From the very beginning, the weakness of liberal-democratic humanism, the gap between theory and practice, between ideology and reality, became the starting point of the new humanism: Karl Marx opposed Ruge ideologically with a “concrete” or “real humanism” in which it was not industrialism and materialism that he ideally placed, but working in the concrete form of the exiled proletariat to become a principle of historical dialectics and a return to human nature. In 1844 he drew the equation:

“This communism as perfected naturalism = humanism, as perfected humanism = naturalism;

it is the real resolution of the conflict between man and nature and with man[…]”. The justification of communism as humanism  thrown overboard in the. Communist Manifesto of 1848 and was only pick up again by communism in the sign of the People’s Front movement of the 1930s. Since then, humanism has become a basic concept. of Marxist, and especially Soviet, social philosophy.

The dialectic between nature and spirit, history and freedom is concretiz in Marxism in the concept of work. Humanism consists in eliminating the material self-alienation through the historical dialectic of work. It is a class struggle and revolution to create a free society in which the freedom of all people as workers is guarante by the rule of reason.

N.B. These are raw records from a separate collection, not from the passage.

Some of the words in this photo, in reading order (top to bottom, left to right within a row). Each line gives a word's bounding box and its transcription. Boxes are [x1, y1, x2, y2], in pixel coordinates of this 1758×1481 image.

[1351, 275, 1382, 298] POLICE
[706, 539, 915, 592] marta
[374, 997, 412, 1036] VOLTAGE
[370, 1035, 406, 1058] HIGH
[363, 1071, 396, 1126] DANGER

“Education” on the basis of Marxist humanism means rational knowledge. And world domination from the perspective of work as human self-alienation. The image of man is a revolutionary worker. Various evangelical tendencies wanted to find their description of humanity exclusively and directly in the Bible. While leaving archaic and post-testamental traditions behind.

Criticism:

In so far as this image of man shown to  dogmatic, i.e. binding in terms of content, features. It cannot evenbinding in general to Christian denominations. But so far as it attempts to express the experience of existential or enduring belief. It is not humanism, that is, it is not a rationally based programme.

Therefore, Protestant theology for the most part rejects “Christian humanism” as a contradiction in the adiecto. As an “iron wood” and speaks of Christian faith and humanism. Humanism here is the historical attempt by man to shape life morally. Which only acquires a Christian character through a completely different dimension of faith.

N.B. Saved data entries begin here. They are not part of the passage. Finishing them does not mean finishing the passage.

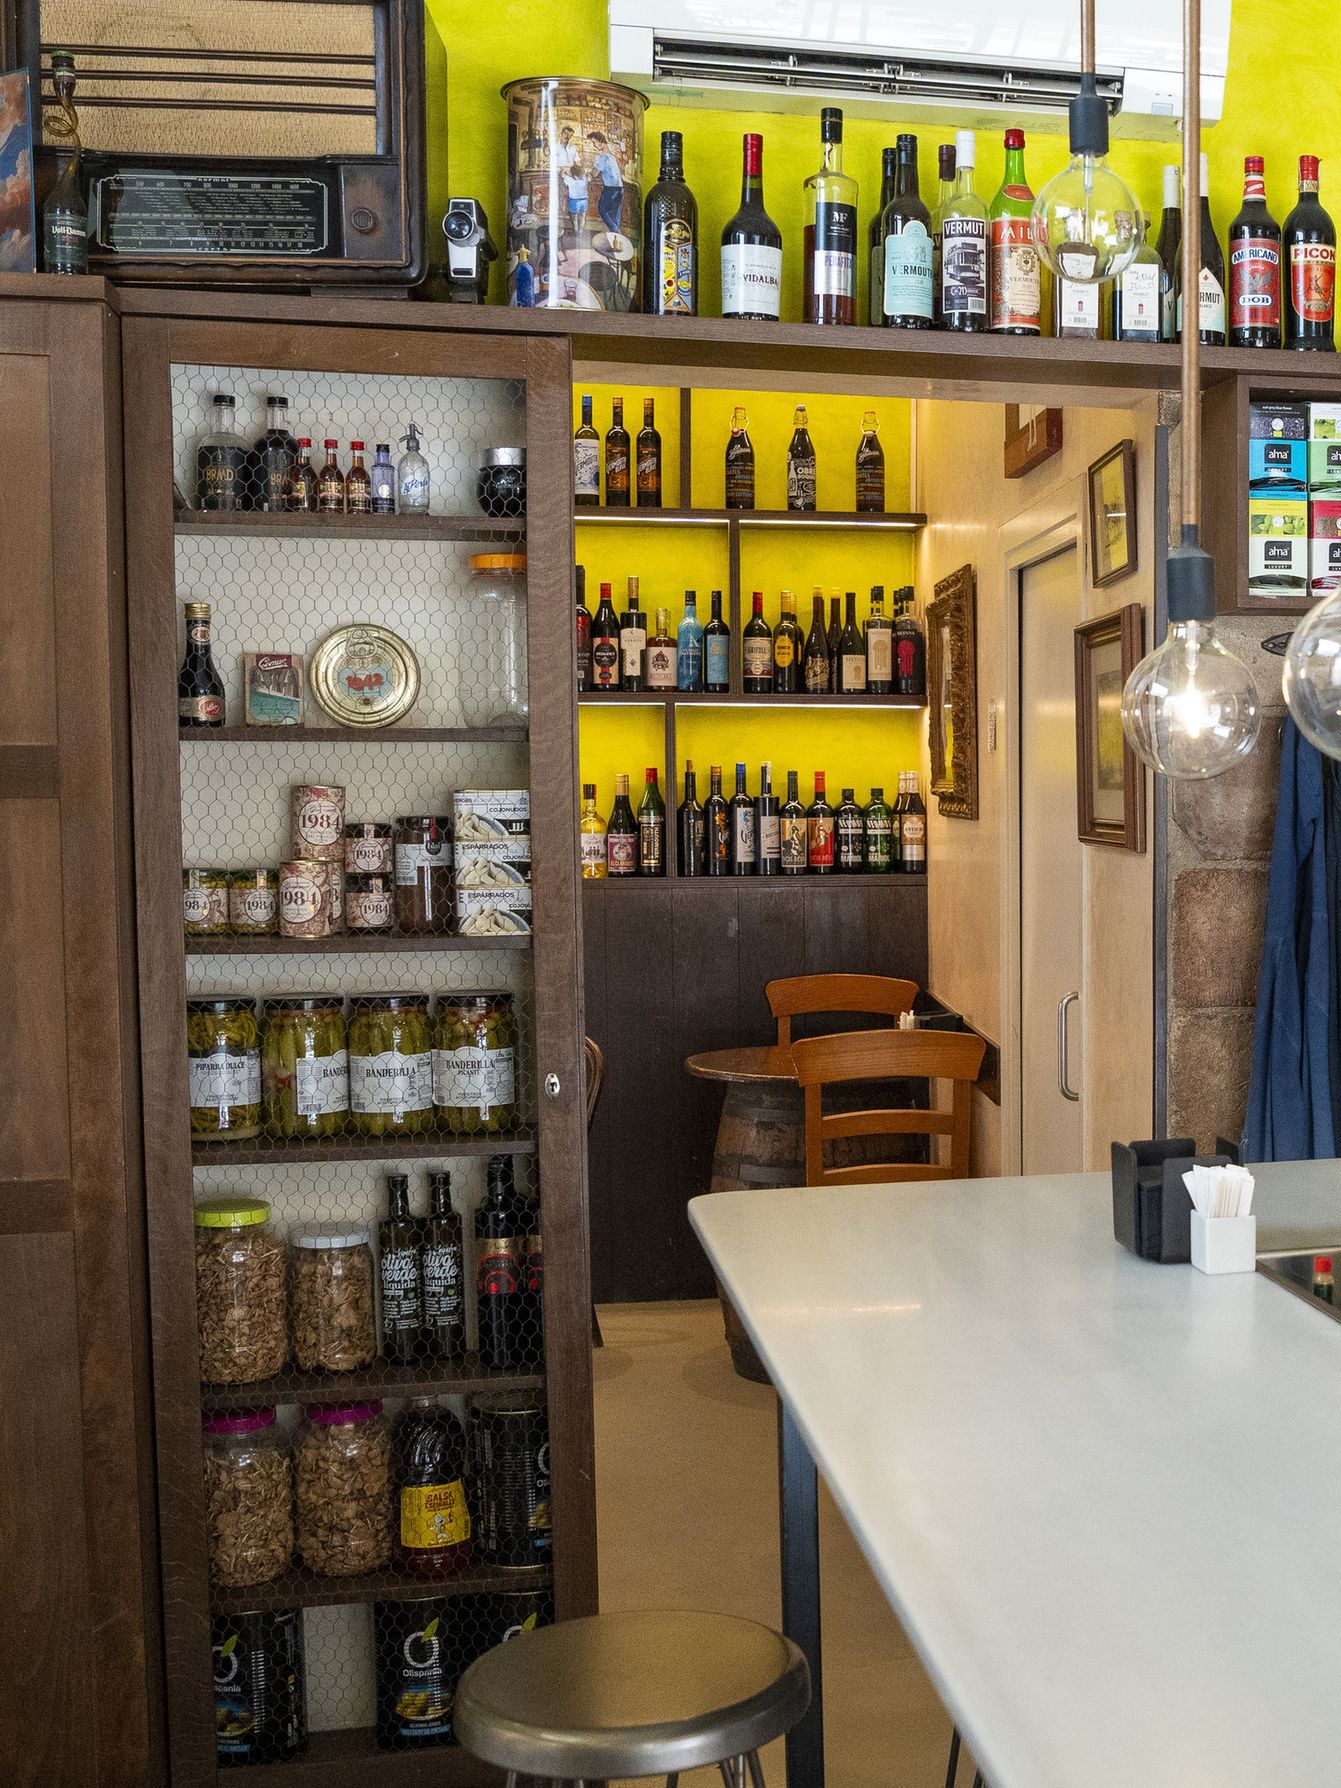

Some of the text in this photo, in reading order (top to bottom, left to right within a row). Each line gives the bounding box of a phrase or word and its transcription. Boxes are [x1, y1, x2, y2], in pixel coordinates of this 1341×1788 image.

[52, 224, 86, 238] Voll-Damm
[944, 220, 984, 236] VERMUT
[1232, 248, 1278, 264] AMERICANO
[1293, 246, 1336, 261] PICON
[1199, 291, 1221, 305] RMUT
[1268, 450, 1288, 460] alma
[1268, 546, 1288, 557] alma
[488, 806, 528, 814] COJONUDOS
[301, 814, 341, 830] 1984
[356, 849, 382, 860] 1984
[281, 890, 318, 906] 1984
[184, 900, 208, 912] 984
[246, 900, 274, 912] 1984
[363, 904, 389, 916] 1984
[225, 1061, 246, 1070] DULCE
[446, 1060, 496, 1070] BANDERILLA
[365, 1067, 417, 1078] BANDERILLA
[381, 1254, 415, 1271] oliva
[422, 1252, 455, 1268] oliva
[381, 1266, 418, 1282] verde
[422, 1264, 458, 1278] verde
[214, 1684, 242, 1694] spania

Within the limitations of humanism and belief in different dimensions of human self-affirmation. A humanistic encounter between different denominations  possible: There  no longer just one humanism. But every humanismunderstood as a perspective that limits human reason and freedom.

W. Jaeger made a very significant effort to rebuild idealist humanism. And thereby restore the place of grammar school education in Germany. Which had been question after the First World War:  Greek must therefore be the main subject of our education. Because in that historical development of the era modern in exemplary models, though not in ideal perfection. But in essence seems to have been design beforehand. Education consists in recognizing. The present from the origins of Greek history and shaping it in a meaningful way from this dimension.

Jaeger’s humanism was not very effective: He remained too idealistic because of his belief in direct theory. As expressed in his consideration of Greek art and payeia as the primary means of education. And on the other hand too little went beyond the Hegelian conception in his book. Views history as a process of intellectual history education.

Citation:

Pettit, Phillip, 1999, Republicanism: A Theory of Freedom and Government, Oxford: Clarendon Press.
Pocock, J.G.A., 1975, The Machiavellian Moment: Florentine Political Thought and the Atlantic Republican Tradition, Princeton, NJ: Princeton University Press.
Seigel, Jerrold E., 1966, “‘Civic Humanism’ or Ciceronian Rhetoric? The Culture of Petrarch and Bruni”,
Skinner, Quentin, 1978, The Foundations of Modern Political Thought, Volume 1: The Renaissance, Cambridge: Cambridge University Press.